Family of gastropods

Trinchesiidae is a family of sea slugs, aeolid nudibranchs, marine gastropod molluscs in the superfamily Fionoidea.

==Taxonomic history==
This family was reinstated as a result of a molecular phylogenetics study.

In yet another study, Korshunova et al., 2025 conducted a mass reassessment of Aeolidacea taxa and proposed to reverse previous motions that "lumped" taxa together indiscriminately, in addition to reinstating many genera that those previous had decided belonged in synonymy.
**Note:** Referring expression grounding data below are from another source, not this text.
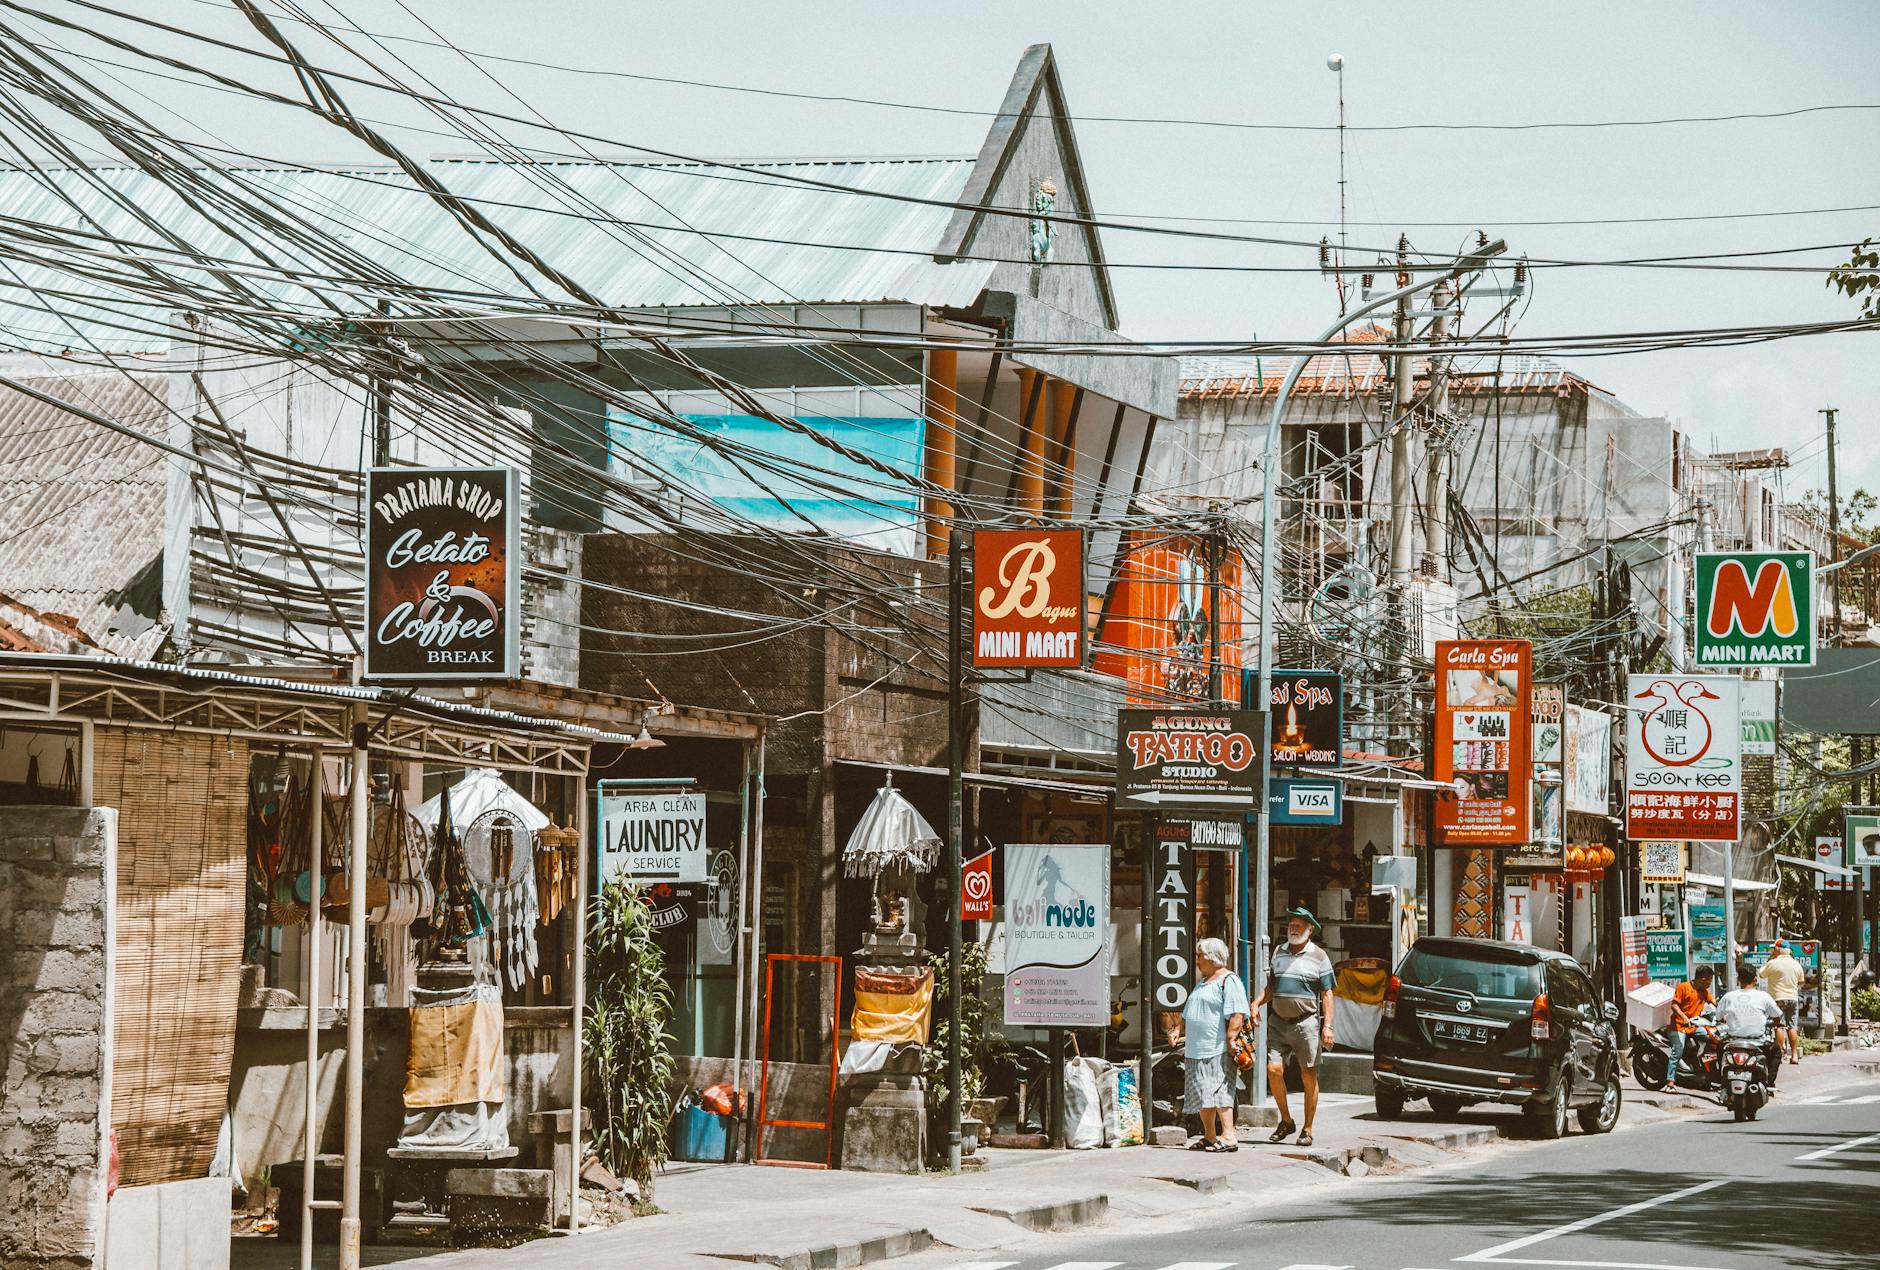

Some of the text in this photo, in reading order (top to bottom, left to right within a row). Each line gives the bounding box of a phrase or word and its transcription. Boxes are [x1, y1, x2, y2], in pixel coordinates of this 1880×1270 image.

[374, 477, 503, 524] PRATAMA SHOP
[386, 528, 490, 569] Gelato
[426, 570, 451, 602] &
[979, 538, 1078, 624] Bagus
[377, 602, 495, 648] Coffee
[978, 631, 1077, 658] MINI MART
[1702, 645, 1805, 662] MINI MART
[427, 650, 495, 663] BREAK
[1447, 647, 1519, 667] Carla Spa
[1271, 678, 1333, 711] ai Spa
[1151, 716, 1232, 731] AGUNG
[1126, 731, 1256, 772] TATTOO
[1273, 749, 1297, 761] SALON
[1305, 750, 1336, 762] WEDDING
[1161, 766, 1217, 779] STUDIO
[624, 800, 697, 813] ARBA CLEAN
[1269, 795, 1285, 803] refer
[1296, 794, 1329, 806] VISA
[605, 818, 704, 853] LAUNDRY
[1157, 826, 1190, 837] AGUNG
[1191, 820, 1241, 845] TATTOO STUDIO
[965, 900, 989, 912] WALL'S
[651, 907, 683, 927] CLUB
[1156, 841, 1189, 1008] TATTOO
[1014, 931, 1055, 939] BOUTIQUE
[1059, 931, 1064, 939] &
[1067, 931, 1095, 939] TAILOR
[1476, 1028, 1486, 1038] EZ
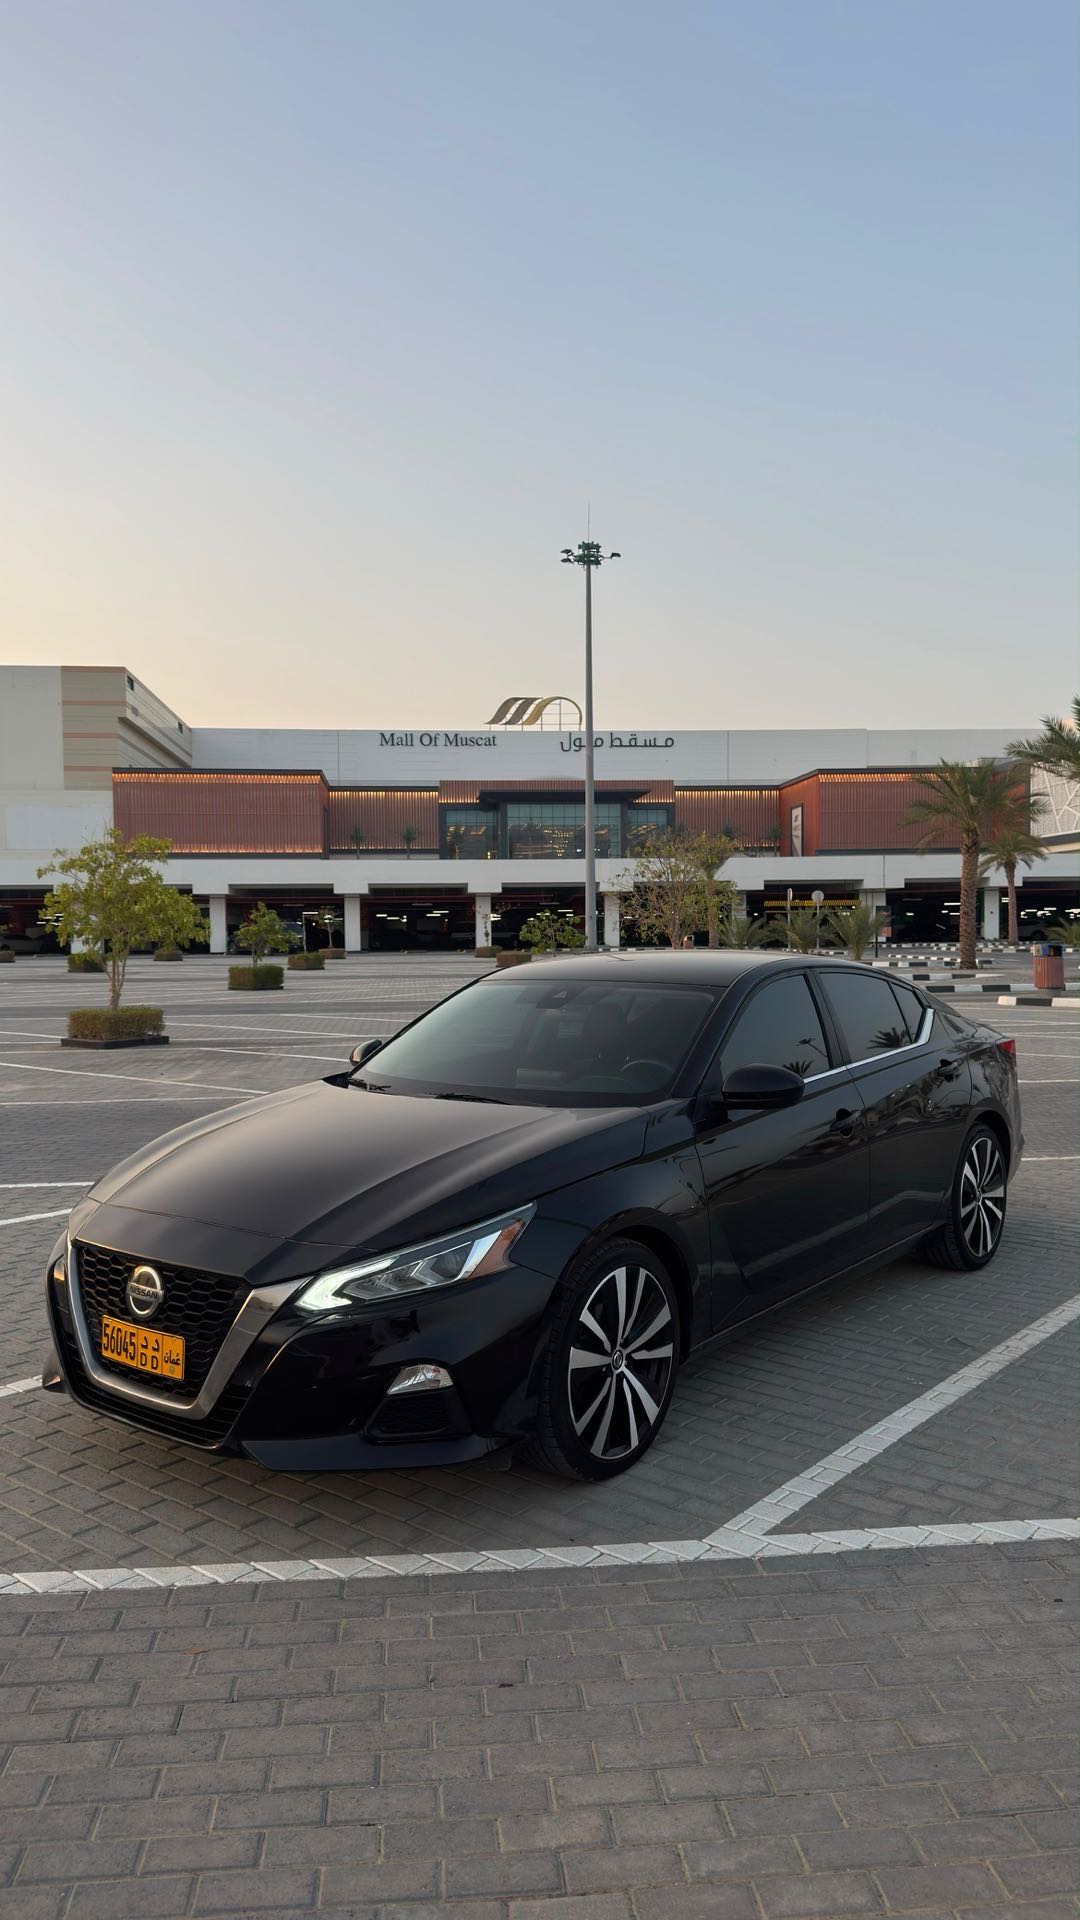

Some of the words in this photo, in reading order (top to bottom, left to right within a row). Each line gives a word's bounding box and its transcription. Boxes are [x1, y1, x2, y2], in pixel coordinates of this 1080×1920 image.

[379, 732, 414, 747] Mall
[419, 732, 440, 747] Of
[443, 732, 497, 747] Muscat
[560, 732, 604, 752] مول
[609, 732, 675, 748] مسقط
[129, 1286, 158, 1299] NISSAN
[103, 1323, 136, 1360] 56045
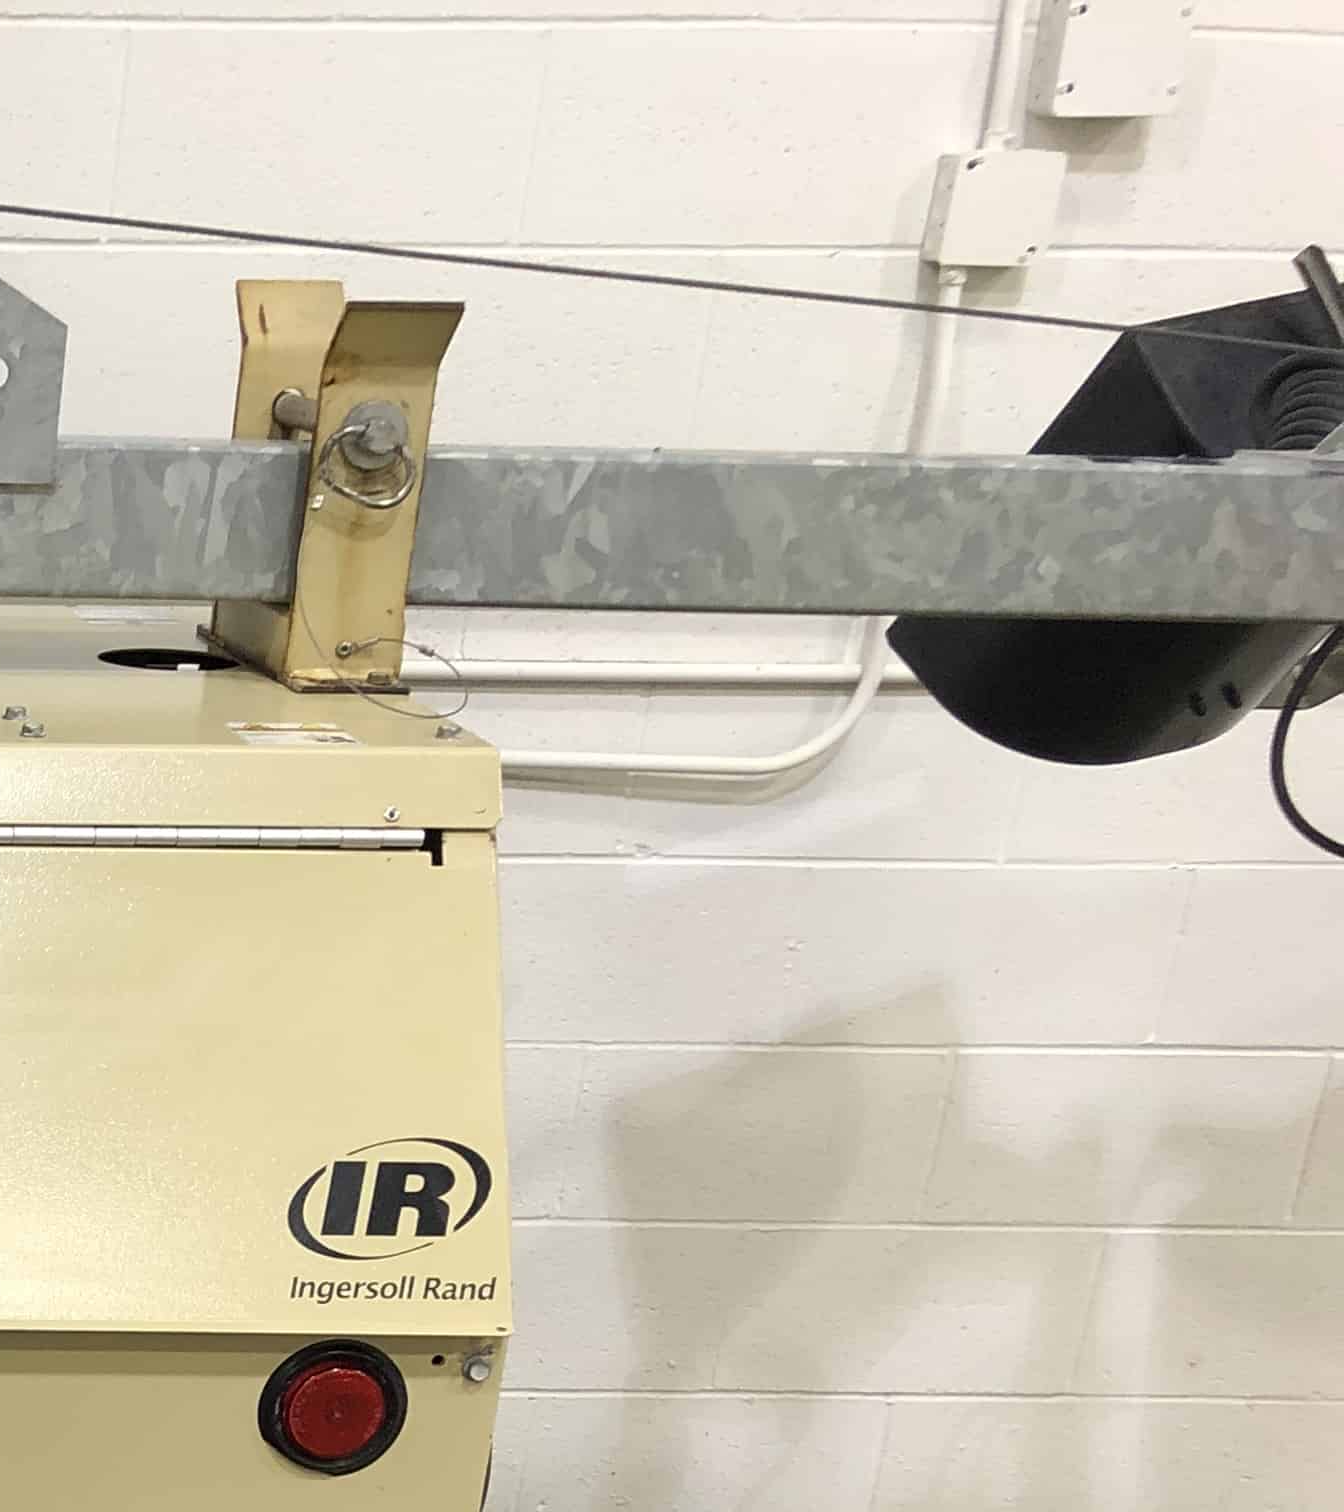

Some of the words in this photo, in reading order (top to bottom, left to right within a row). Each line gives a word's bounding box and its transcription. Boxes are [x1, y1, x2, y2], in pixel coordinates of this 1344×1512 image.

[320, 1160, 456, 1237] IR
[289, 1274, 416, 1305] Ingersoll
[422, 1275, 497, 1301] Rand
While The World Register of Marine Species (WoRMS) has cited Korshunova et al., 2025 across other taxonomic adjustments, in regards to the precise allocation of species and genera within Trinchesiidae, who is possibly the most controversed Aeolidean family with papers being published nearly every year from opposing camps, there has yet to be adjustments made.

==Genera ==
According to Korshunova et al. (2025), genera within the family Trinchesiidae include:
- Catriona Winckworth, 1941
- Diaphoreolis Iredale & O'Donoghue, 1923
- Narraeolida Burn, 1961
- Njurja Er. Marcus & Ev. Marcus, 1960
- Phestilla Bergh, 1874
- Pinufius Er. Marcus & Ev. Marcus, 1960
- Rubramoena* Cella, Carmona, Ekimova, Chichvarkhin, Schepetov & Gosliner, 2016
- Selva Edmunds, 1964
- Subcuthona Baba, 1949
- Tenellia A. Costa, 1866
- Toorna Burn, 1964
- Trinchesia Ihering, 1879
- Zelentia Ihering, 1879

Korshunova et al. (2025) did not include Rubramoena within Trinchesiidae, yet did not offer an alternate designation, referencing it only once with the suggestion it might be made a juniour subjunctive synonym of Tenellia or Tergipes. It will remain listed here in accordance with WoRMS until later consensis.